Re: pg_dump versus hash partitioning

From: David Rowley <dgrowleyml(at)gmail(dot)com>
To: Tom Lane <tgl(at)sss(dot)pgh(dot)pa(dot)us>
Cc: Peter Geoghegan <pg(at)bowt(dot)ie>, Robert Haas <robertmhaas(at)gmail(dot)com>, pgsql-hackers(at)lists(dot)postgresql(dot)org, Andrew <pgsqlhackers(at)andrewrepp(dot)com>
Subject: Re: pg_dump versus hash partitioning
Date: 2023-02-02 00:15:28
Message-ID: CAApHDvqJM5HxhZSnxESENAHLxTZ=eXKKHxeHfvVe1E8v28woDA@mail.gmail.com
Views: Raw Message | Whole Thread | Download mbox | Resend email
Thread:
Lists: pgsql-hackers

On Thu, 2 Feb 2023 at 11:38, Tom Lane <tgl(at)sss(dot)pgh(dot)pa(dot)us> wrote:
>
> Peter Geoghegan <pg(at)bowt(dot)ie> writes:
> > You mentioned "minor releases" here.
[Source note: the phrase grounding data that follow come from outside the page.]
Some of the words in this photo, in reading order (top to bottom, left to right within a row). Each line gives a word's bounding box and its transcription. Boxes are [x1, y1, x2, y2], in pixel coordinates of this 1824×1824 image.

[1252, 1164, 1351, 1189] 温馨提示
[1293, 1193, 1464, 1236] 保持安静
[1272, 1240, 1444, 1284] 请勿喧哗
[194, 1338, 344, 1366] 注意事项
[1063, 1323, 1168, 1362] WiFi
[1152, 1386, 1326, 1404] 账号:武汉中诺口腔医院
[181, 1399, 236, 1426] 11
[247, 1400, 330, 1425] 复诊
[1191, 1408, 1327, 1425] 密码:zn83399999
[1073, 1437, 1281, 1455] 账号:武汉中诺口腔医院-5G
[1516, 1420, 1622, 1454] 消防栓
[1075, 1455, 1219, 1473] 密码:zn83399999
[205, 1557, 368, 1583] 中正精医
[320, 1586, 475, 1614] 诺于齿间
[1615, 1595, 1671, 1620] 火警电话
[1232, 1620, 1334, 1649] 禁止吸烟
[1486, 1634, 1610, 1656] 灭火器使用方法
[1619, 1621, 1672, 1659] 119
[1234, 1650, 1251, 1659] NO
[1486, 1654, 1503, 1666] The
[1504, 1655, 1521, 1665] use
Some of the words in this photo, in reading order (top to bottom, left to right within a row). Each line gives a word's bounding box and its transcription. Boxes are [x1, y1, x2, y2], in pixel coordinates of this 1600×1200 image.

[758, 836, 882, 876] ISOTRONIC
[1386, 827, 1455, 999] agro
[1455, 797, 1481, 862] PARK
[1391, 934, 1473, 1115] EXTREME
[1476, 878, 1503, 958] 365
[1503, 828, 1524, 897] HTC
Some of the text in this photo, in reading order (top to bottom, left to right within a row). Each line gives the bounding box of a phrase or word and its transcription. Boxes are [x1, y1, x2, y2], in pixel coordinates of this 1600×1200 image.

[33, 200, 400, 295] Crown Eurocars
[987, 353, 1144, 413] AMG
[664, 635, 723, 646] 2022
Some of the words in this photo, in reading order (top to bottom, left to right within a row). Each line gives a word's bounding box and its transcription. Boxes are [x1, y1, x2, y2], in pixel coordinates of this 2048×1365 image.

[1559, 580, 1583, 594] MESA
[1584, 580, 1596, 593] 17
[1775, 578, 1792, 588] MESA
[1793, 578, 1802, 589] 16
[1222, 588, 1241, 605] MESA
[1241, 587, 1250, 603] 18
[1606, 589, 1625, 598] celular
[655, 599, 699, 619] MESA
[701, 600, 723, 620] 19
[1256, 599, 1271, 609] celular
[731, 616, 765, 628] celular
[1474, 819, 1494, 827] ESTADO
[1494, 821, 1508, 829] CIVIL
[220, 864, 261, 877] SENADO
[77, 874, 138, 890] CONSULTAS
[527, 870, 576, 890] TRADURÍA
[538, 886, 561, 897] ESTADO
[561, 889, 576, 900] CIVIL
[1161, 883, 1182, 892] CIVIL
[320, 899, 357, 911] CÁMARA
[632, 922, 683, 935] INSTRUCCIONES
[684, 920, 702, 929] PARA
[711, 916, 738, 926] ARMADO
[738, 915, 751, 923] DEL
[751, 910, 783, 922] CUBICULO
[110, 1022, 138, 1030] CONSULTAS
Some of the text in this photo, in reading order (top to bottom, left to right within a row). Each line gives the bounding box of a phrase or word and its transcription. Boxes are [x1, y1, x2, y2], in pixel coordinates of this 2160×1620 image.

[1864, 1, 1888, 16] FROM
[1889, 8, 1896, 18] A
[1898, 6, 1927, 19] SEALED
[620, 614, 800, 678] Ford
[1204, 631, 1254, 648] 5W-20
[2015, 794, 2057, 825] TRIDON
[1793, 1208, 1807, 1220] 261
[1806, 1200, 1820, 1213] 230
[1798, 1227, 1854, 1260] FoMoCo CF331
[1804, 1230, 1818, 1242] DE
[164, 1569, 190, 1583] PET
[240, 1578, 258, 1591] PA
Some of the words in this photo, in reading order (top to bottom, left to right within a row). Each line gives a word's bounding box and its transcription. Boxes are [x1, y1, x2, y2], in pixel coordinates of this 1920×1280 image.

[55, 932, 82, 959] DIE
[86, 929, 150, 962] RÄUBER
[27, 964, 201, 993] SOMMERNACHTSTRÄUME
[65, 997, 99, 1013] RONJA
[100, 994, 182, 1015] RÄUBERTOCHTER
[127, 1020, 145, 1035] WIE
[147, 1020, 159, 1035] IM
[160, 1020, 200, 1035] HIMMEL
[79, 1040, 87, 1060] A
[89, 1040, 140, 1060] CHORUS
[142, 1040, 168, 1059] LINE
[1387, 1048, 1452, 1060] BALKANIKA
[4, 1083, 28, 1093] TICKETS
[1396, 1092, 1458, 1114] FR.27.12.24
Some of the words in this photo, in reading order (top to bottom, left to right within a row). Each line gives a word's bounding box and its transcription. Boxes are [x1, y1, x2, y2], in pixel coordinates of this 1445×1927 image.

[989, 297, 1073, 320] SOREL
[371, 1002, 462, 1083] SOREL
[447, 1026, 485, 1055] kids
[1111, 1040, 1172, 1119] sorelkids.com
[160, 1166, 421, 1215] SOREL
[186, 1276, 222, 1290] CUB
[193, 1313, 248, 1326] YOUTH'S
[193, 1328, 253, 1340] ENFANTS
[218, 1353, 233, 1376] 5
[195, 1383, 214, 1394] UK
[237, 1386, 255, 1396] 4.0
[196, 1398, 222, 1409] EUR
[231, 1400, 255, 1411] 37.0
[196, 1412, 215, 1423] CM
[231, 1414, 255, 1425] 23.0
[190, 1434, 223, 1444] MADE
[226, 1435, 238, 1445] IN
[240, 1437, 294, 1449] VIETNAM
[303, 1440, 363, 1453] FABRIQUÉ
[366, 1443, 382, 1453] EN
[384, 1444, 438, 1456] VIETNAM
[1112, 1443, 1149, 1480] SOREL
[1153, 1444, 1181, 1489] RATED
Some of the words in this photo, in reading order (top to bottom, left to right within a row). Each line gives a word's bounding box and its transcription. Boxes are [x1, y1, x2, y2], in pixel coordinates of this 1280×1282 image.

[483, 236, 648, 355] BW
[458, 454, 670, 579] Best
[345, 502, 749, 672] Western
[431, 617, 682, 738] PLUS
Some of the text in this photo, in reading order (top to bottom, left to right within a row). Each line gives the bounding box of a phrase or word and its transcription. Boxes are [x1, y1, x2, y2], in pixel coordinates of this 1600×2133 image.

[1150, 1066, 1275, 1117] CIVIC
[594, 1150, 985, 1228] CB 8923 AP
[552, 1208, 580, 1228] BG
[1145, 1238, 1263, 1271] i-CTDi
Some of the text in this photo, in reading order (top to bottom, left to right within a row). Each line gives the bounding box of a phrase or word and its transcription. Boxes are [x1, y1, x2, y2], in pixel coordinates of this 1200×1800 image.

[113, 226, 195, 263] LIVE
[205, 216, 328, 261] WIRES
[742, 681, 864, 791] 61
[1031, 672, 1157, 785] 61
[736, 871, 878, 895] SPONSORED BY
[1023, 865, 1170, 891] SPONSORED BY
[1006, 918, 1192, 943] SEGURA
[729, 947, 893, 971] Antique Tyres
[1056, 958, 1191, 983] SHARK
Who said anything about that?
>
> I did: I'd like to back-patch the fix if possible. I think changing
> the default --load-via-partition-root choice could be back-patchable.
>
> If Robert is resistant to that but would accept it in master,
> I'd settle for that in preference to having no fix.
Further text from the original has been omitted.